Qual é a avaliação do primeiro ano do Brasil Sem Miséria?
Todas as metas foram atingidas e superadas, até mesmo os pactos regionais, na complementação de renda, com governos estaduais e prefeituras. A agenda tem dado tão certo que decidimos aumentar drasticamente o Bolsa Família, com o Brasil Carinhoso, que vai ter um impacto importante sobre o consumo, embora o objetivo principal não tenha sido esse. Com a nova agenda, a partir do dia 14, destinada a famílias com crianças de até 6 anos e 11 meses, 2 milhões de famílias vão sair da extrema pobreza. Elas já estão no cadastro único, mas que passam a receber um complemento de renda.
O governo falou muito em incluir famílias em sistemas produtivos. Como vai esse lado?
Estamos na rua com cursos destinados a qualificar profissionalmente essa população em situação de pobreza e extrema pobreza. Começamos em março, oferecendo 200 mil vagas. Temos registradas 80 mil matrículas e pré-matrículas. São vagas ofertadas no Senai, Senac e institutos federais, que antes não atendiam a esse público sem escolaridade. Exigia-se segundo grau para curso de jardineiro, pintor. Com esse novo viés, o público do cadastro único tem maiores oportunidades de trabalho.
E o microcrédito?
Essa é uma agenda recente, com o Programa Crescer, que também faz parte do Brasil Sem Miséria. Graças a alterações na legislação sobre microcrédito, foram reduzidas as taxas de juros e as exigências de garantias bancárias e criou-se uma linha para o público de baixa renda. Não é para consumo, mas para produção. Pode ser usada pela costureira que quer uma máquina nova, pela dona de casa que vende suco e precisa de um liquidificador. Também estamos montando com o Sebrae uma agenda diferenciada para esse público, que tem muitas estratégias de sobrevivência. Não são pessoas sem ganho nenhum. Há mulheres que usam a cozinha para fazer bolo e vender na construção ao lado.

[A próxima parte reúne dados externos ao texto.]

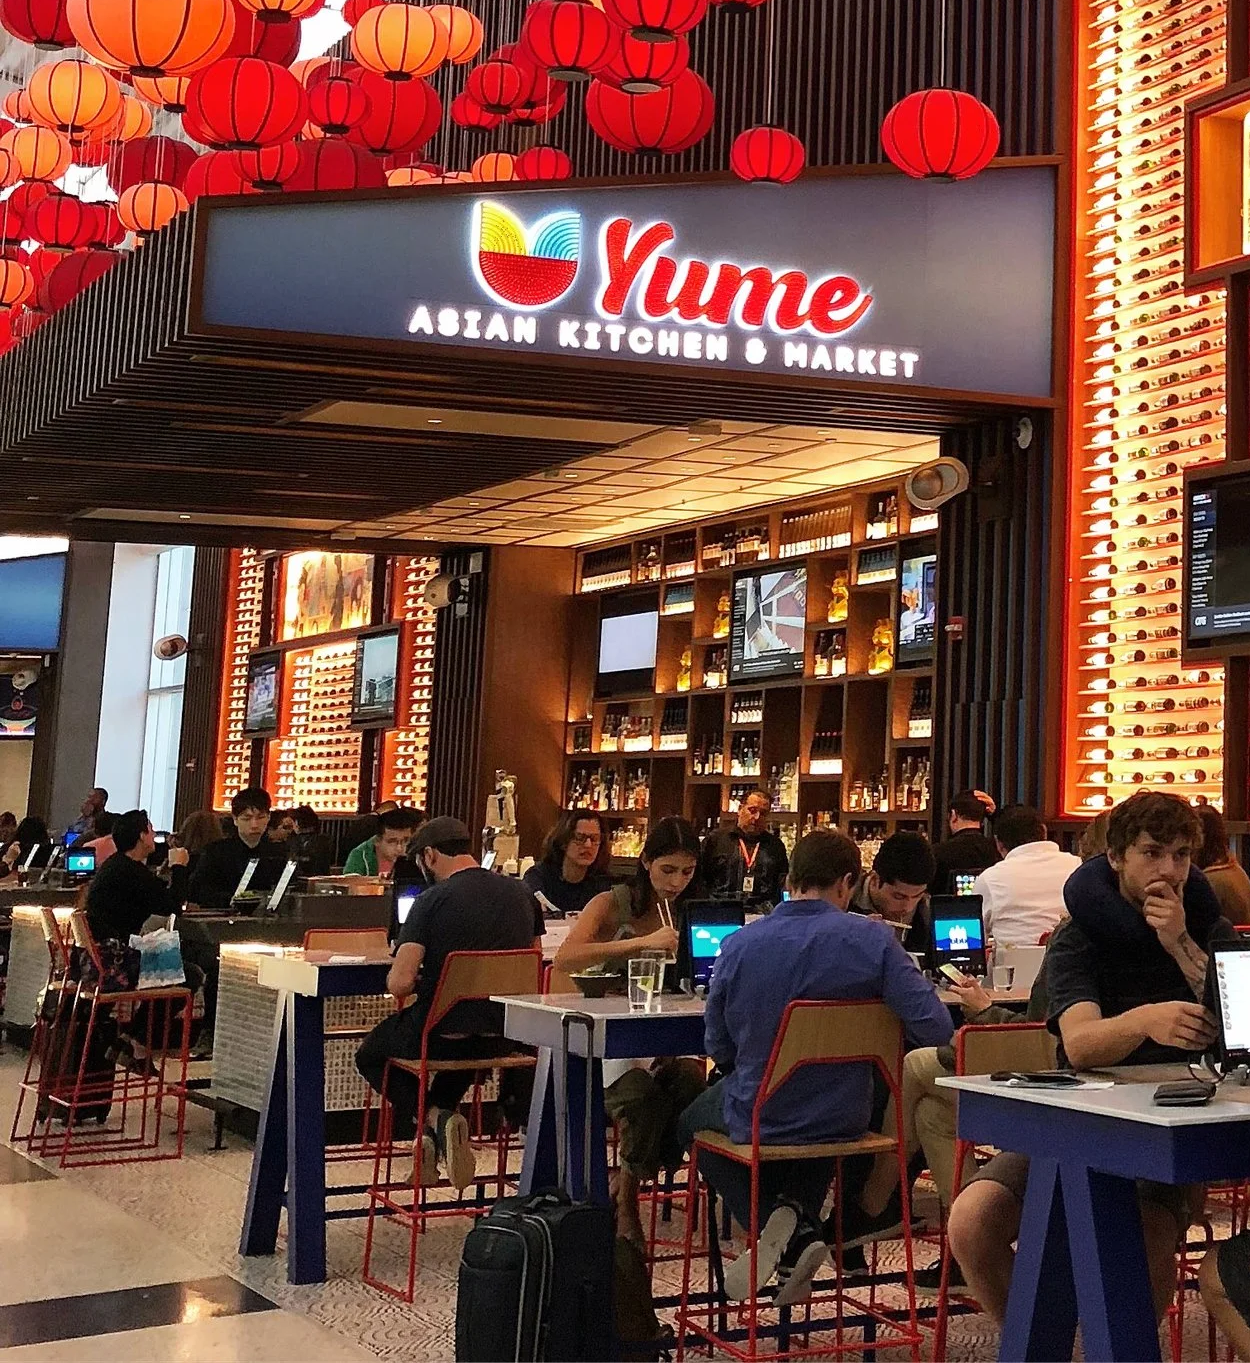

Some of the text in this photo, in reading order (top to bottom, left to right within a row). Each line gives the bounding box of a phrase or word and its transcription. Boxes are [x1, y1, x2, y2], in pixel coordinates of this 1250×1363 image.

[601, 217, 873, 334] Yume
[408, 306, 920, 378] ASIAN KITCHEN & MARKET

Seu ministério ajuda o governo a aquecer a economia?
O mundo todo tenta entender como o Brasil conseguiu aquecer e fortalecer a economia com base no mercado interno. Há várias explicações, que envolvem salário mínimo, formalização de empregos, Pronaf, programas de compra de alimentos. Os programas de transferência de renda também são parte importante no processo e é por isso que o governo está fortalecendo o Bolsa Família. O objetivo não é fortalecer a demanda agregada, mas esse impacto acaba acontecendo.
Fala-se muito na dinamização da economia do Nordeste.
Não é só lá. Tem impacto também em São Paulo. O Estado mais rico da federação tem 1,2 milhões de inscritos no Bolsa Família, com transferência de renda em benefícios continuados de R$ 6,5 bilhões por ano.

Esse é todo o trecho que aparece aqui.